‘Sicario: Day of the Soldado’ All Flash, No Bang (FILM REVIEW)

[rating=6.00]

In a way, Sicario: Day of the Soldado is the perfect movie for our time. It’s hollow, sure, but its glossy exterior largely manages to hide this fact, engaging in a kind of cinematic sleight of hand that manages to leave you stunned—provided, of course you don’t think too deeply about what it is you’ve just seen. It performs its illusions well, and takes its bows just quickly in order to let its audience back into the world before its shallow secrets can be mulled over and revealed.

Largely, it’s an effective strategy that, despite what many critics and fans say, doesn’t stray too far from the formula of its 2015 predecessor. That, too, hid itself beneath a haze of mystique that stood in the place of actual goodness. However, what Sicario had going for it that Day of the Soldado does not, was Denis Villeneuve.

Villeneuve stepped away from this sequel in order to work on both Arrival and Blade Runner 2049. As lucky as we all are for that, Day of the Soldado is unlucky. Villeneuve brought an elegance to the table that more deftly hid the flaws of Sicario than its sequel does, masking them with his unique stylistic flairs and the cinematography of the incomparable Roger Deakins.

Here we have Day of the Soldado’s first illusion. Director Stefano Sollima does an adequate job trying to ape Villeneuve’s distinctive touches in an attempt to fool us into believing that these are trademarks of the franchise and not the director. Witness: a scene shot in night vision (an obvious callback to one of Sicario’s most memorable scenes) and the overhead shots of unmarked vehicles speeding across the US/Mexico border in a heavily choreographed dance of action movie delights.

While I suppose there’s something to be said for stylistic continuity, Sollima feels largely restrained by these decisions, paying too much reverence to his more experienced (and acclaimed) forebear to really come into his own as a filmmaker. His own touches are there, sure, but they remained buried beneath a mountain of mimicry that stifles any creativity he might have shown. Instead, we get a watered-down version of something we’ve already seen; a true disservice to these characters.

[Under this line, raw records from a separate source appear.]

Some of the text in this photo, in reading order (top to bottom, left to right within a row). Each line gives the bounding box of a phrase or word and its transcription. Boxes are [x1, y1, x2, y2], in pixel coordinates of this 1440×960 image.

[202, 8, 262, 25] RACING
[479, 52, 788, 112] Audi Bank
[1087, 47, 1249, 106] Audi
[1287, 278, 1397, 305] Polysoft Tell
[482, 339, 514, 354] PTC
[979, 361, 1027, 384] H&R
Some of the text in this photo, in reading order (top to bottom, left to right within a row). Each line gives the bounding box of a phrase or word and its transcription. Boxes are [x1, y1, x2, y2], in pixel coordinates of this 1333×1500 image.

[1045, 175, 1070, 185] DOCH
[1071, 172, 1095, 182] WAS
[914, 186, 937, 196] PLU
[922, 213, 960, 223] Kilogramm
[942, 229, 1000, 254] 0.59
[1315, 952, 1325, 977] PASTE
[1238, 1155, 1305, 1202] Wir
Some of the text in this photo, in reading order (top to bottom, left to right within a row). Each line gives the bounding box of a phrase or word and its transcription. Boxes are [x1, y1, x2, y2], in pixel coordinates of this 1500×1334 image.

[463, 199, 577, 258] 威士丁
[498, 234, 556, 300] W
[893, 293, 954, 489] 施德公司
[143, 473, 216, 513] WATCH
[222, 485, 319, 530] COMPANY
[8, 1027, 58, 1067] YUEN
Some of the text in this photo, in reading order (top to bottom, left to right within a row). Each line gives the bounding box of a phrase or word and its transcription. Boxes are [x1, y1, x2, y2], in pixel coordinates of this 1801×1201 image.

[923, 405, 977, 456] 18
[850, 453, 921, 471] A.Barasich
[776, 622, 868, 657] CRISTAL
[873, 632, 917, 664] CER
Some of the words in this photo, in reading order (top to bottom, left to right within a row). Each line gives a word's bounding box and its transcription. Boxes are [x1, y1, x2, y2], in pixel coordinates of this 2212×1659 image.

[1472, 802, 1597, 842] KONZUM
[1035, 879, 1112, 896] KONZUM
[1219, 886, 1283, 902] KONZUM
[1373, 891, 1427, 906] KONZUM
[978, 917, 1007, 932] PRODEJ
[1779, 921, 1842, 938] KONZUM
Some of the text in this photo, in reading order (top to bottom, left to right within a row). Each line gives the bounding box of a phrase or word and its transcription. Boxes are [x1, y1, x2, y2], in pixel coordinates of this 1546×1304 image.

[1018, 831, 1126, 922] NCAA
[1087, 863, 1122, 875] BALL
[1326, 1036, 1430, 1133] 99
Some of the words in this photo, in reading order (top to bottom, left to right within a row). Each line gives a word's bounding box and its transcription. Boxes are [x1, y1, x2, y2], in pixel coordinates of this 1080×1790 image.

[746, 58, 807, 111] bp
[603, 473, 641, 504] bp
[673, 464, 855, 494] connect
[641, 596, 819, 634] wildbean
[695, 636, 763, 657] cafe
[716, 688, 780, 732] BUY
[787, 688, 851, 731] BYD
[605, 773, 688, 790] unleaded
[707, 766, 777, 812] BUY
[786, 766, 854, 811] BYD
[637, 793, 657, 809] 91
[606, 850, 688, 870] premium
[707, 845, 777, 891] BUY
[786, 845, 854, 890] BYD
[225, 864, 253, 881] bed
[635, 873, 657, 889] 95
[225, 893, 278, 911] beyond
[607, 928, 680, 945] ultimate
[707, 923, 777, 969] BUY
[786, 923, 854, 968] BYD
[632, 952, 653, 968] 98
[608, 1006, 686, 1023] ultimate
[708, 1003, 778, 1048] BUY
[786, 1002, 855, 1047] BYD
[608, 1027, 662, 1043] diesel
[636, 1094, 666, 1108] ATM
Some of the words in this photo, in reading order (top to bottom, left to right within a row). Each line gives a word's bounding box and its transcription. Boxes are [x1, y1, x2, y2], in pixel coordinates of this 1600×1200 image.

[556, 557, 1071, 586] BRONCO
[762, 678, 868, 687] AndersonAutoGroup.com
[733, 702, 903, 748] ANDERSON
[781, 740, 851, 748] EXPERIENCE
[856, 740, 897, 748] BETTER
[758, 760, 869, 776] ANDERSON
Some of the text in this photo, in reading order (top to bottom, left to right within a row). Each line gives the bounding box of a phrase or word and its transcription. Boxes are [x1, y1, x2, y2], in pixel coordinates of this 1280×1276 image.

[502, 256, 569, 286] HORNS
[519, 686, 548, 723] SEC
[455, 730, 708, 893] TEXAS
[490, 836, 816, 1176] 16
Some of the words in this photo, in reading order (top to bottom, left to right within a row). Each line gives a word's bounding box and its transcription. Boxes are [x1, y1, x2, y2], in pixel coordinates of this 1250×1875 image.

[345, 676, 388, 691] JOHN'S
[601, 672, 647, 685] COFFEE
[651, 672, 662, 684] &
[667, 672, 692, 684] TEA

Illusion two is that Day of the Soldado has something important to say. Screenwriter Taylor Sheridan, himself a master of neo-noir cinema as seen in Hell or High Water or, to a lesser extent, Wind River, makes broad stroke efforts to mask Day of the Soldado in some kind of message, though what that may be is never quite clear. Perhaps because there is no message, and it’s all an excuse to blow shit up.

Maybe that’s reductive. I suppose you could draw out some subtext about the follow of American interventionism—nothing ever seems to go entirely right for Josh Brolin’s Agent Graver—but so much of the film plays to the baser instincts of modern America that any nuance he may or may not have intended will largely get lost in the crossfire.

The film opens with a pair of scenes that will surely set the Trumpian rage boners of the country athrob. As a team of border agents stop a group of migrants attempting to enter the country illegally, one of them is revealed to be a radical jihadist who blows himself up in the middle of the desert. Soon after, in a Kansas grocery store, a team of jihadists set off their own suicide bombs, killing a store full of innocent Americans.

For reasons, this means we must take out the Mexican cartels who rule the border. Enter Graver, who reactivates the mysterious, titular sicario (assassin) Alejandro (Benicio Del Toro). The pair then hatch a plan to kidnap the daughter of a cartel leader (Isabel Reyes) in the hopes that it will start a war between rival gangs.

It makes about as much sense as its forebear (which only made sense in the broadest of ways) and if you can manage to roll with it, it’s a fairly effective action thriller even as it tries to be something more. Brolin and Del Toro make a brilliant, unlikely action team which goes a long way towards saving Day of the Soldado from its lesser impulses.

Still, the narrative suffers from its lack of any particular main character. Emily Blunt’s absence is sorely missed in this outing. Her Agent Mercer gave us an elegant in road to the world of these films. While not strictly necessary this time around, we aren’t given much to grab onto; nothing anchors us to the narrative and the stakes, ultimately, feel low.

In the end, Day of the Soldado is just an action movie. In itself, that’s perfectly fine. But when you present yourself as something more than that and then fail to deliver, you’ve got a problem. Sure, it’s not necessarily one you’ll realize you’re having while watching it, or even immediately after, but the more you think about Day of the Soldado the less its own logic begins to make sense.

Perhaps, then, it’s best to just shut off the brain and enjoy the movie for what it is instead of what it wishes to be. While the whole Americans kidnapping a Mexican child storyline is rather unfortunately timed, and the subplot involving the flow of migrants into the country lacks the nuance and weight it deserves, the action itself is enough to keep interest high, even if the intrigue itself is low.

Sicario: Day of the Soldado is now playing in theaters everywhere.